# Powder for 25-06



## justismi28 (Aug 19, 2014)

Hey guys, I'm starting to get into reloading and want to start with my 25-06. I have the dies, press and everything needed to get started, but am looking for experience people have with various powders. 
I've got Winchester brass and some wlr and cci primers. I'm wanting to start with 110gr Accubonds as it's what I have, but I've got some 100gr etips and 100gr Barnes on the way. 
From what I've read, imr4350 and imr4831are some of the most common powders for this cartridge, but I've also read rl22 and rl17 work well. 
I'll eventually have a good stock of various powders built up, but right now I enjoy being married and have already made a decent financial commitment to get all set up.

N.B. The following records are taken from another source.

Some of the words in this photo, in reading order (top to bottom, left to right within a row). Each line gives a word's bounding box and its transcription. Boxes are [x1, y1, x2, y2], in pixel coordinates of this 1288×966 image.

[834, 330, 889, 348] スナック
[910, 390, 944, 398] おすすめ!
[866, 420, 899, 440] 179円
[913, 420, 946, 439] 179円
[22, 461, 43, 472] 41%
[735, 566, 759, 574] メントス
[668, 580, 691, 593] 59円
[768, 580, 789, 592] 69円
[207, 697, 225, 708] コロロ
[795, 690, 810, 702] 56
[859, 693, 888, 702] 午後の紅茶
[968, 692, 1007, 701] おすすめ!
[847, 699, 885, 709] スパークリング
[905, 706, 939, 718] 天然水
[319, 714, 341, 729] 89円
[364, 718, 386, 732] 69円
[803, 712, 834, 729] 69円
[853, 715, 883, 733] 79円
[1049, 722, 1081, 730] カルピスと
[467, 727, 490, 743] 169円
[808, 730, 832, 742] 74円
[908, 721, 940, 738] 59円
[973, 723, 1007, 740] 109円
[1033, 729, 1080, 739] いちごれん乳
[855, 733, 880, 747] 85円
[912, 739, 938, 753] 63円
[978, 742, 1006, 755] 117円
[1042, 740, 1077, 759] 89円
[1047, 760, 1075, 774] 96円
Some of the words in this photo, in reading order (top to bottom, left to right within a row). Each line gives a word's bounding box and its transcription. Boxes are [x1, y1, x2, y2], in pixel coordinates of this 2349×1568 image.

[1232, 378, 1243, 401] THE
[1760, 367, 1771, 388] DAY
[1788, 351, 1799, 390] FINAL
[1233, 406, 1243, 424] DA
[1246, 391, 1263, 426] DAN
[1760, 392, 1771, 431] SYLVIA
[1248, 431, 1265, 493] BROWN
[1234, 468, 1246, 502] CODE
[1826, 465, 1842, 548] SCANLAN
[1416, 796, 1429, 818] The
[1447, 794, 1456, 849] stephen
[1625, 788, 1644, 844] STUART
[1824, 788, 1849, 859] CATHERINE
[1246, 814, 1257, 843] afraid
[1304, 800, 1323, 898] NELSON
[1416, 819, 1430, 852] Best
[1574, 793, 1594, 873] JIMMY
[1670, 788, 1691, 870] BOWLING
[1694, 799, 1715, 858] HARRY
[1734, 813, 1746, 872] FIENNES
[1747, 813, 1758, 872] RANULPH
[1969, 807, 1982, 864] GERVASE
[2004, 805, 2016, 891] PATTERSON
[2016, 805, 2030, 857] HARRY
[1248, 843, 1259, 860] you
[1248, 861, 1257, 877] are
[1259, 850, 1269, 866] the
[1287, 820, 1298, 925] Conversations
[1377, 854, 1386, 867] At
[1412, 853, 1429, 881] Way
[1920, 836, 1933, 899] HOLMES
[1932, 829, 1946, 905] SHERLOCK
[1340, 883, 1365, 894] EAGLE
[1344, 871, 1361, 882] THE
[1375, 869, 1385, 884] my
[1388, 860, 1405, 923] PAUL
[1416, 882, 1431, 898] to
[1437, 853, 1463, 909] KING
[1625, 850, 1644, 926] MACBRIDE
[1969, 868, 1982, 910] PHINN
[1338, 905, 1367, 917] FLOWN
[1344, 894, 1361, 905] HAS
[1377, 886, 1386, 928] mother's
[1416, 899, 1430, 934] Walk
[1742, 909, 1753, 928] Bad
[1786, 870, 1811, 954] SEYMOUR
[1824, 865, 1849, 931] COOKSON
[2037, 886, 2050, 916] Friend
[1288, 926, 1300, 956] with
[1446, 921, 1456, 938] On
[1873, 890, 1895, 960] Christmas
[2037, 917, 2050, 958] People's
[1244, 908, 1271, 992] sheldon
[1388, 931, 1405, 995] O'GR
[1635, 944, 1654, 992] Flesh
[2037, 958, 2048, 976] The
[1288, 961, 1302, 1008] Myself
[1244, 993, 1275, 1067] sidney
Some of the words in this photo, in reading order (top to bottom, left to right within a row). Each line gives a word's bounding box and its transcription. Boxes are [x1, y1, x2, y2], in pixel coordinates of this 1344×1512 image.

So I'm coming to those with more experience than I asking for recommendations on which powders they like. 
I'm also not above asking for specific load data as a newbie, so if you have a favorite recipe that works well for you please share


----------



## sagebrush (Sep 8, 2007)

7828ssc I use 120gr. Bullets this has been my main powder & bullet weight


----------



## Critter (Mar 20, 2010)

I am using RL22 and 100 grain Barnes TTSX in mine. 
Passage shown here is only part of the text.